■ **Problem**:
Please output the entries below exactly as they are.
================
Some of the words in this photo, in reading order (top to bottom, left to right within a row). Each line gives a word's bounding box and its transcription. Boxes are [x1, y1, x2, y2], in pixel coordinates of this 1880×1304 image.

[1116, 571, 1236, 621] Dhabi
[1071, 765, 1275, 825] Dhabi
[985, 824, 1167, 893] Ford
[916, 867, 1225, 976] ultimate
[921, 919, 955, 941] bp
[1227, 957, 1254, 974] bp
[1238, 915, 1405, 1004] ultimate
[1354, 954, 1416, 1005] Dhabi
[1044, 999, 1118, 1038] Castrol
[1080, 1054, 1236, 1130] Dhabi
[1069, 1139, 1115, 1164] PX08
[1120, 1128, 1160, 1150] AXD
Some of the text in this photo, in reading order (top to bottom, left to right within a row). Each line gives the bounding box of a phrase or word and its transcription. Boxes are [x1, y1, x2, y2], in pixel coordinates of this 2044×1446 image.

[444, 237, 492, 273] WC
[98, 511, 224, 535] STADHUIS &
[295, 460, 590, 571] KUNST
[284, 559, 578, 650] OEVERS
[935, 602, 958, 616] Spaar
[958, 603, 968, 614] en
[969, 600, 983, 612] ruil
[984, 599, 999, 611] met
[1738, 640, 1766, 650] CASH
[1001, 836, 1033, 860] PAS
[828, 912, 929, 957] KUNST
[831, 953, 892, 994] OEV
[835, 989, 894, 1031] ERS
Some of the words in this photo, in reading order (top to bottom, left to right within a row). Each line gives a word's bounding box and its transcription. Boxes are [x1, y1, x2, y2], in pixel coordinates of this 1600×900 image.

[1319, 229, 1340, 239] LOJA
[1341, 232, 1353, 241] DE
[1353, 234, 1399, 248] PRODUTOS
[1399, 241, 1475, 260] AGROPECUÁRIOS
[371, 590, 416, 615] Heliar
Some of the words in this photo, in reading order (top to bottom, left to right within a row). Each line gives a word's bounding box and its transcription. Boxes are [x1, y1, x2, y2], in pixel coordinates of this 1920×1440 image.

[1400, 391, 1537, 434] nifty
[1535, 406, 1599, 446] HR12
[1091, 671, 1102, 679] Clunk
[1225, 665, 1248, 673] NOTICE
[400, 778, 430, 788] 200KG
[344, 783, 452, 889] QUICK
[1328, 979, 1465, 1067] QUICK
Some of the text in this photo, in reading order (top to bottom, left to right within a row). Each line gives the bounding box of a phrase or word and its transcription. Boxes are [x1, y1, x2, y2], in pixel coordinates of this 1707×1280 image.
================
■ **Expected answer**:
Some of the words in this photo, in reading order (top to bottom, left to right within a row). Each line gives a word's bounding box and its transcription. Boxes are [x1, y1, x2, y2], in pixel coordinates of this 1880×1304 image.

[1116, 571, 1236, 621] Dhabi
[1071, 765, 1275, 825] Dhabi
[985, 824, 1167, 893] Ford
[916, 867, 1225, 976] ultimate
[921, 919, 955, 941] bp
[1227, 957, 1254, 974] bp
[1238, 915, 1405, 1004] ultimate
[1354, 954, 1416, 1005] Dhabi
[1044, 999, 1118, 1038] Castrol
[1080, 1054, 1236, 1130] Dhabi
[1069, 1139, 1115, 1164] PX08
[1120, 1128, 1160, 1150] AXD
Some of the text in this photo, in reading order (top to bottom, left to right within a row). Each line gives the bounding box of a phrase or word and its transcription. Boxes are [x1, y1, x2, y2], in pixel coordinates of this 2044×1446 image.

[444, 237, 492, 273] WC
[98, 511, 224, 535] STADHUIS &
[295, 460, 590, 571] KUNST
[284, 559, 578, 650] OEVERS
[935, 602, 958, 616] Spaar
[958, 603, 968, 614] en
[969, 600, 983, 612] ruil
[984, 599, 999, 611] met
[1738, 640, 1766, 650] CASH
[1001, 836, 1033, 860] PAS
[828, 912, 929, 957] KUNST
[831, 953, 892, 994] OEV
[835, 989, 894, 1031] ERS
Some of the words in this photo, in reading order (top to bottom, left to right within a row). Each line gives a word's bounding box and its transcription. Boxes are [x1, y1, x2, y2], in pixel coordinates of this 1600×900 image.

[1319, 229, 1340, 239] LOJA
[1341, 232, 1353, 241] DE
[1353, 234, 1399, 248] PRODUTOS
[1399, 241, 1475, 260] AGROPECUÁRIOS
[371, 590, 416, 615] Heliar
Some of the words in this photo, in reading order (top to bottom, left to right within a row). Each line gives a word's bounding box and its transcription. Boxes are [x1, y1, x2, y2], in pixel coordinates of this 1920×1440 image.

[1400, 391, 1537, 434] nifty
[1535, 406, 1599, 446] HR12
[1091, 671, 1102, 679] Clunk
[1225, 665, 1248, 673] NOTICE
[400, 778, 430, 788] 200KG
[344, 783, 452, 889] QUICK
[1328, 979, 1465, 1067] QUICK
Some of the text in this photo, in reading order (top to bottom, left to right within a row). Each line gives the bounding box of a phrase or word and its transcription. Boxes are [x1, y1, x2, y2], in pixel coordinates of this 1707×1280 image.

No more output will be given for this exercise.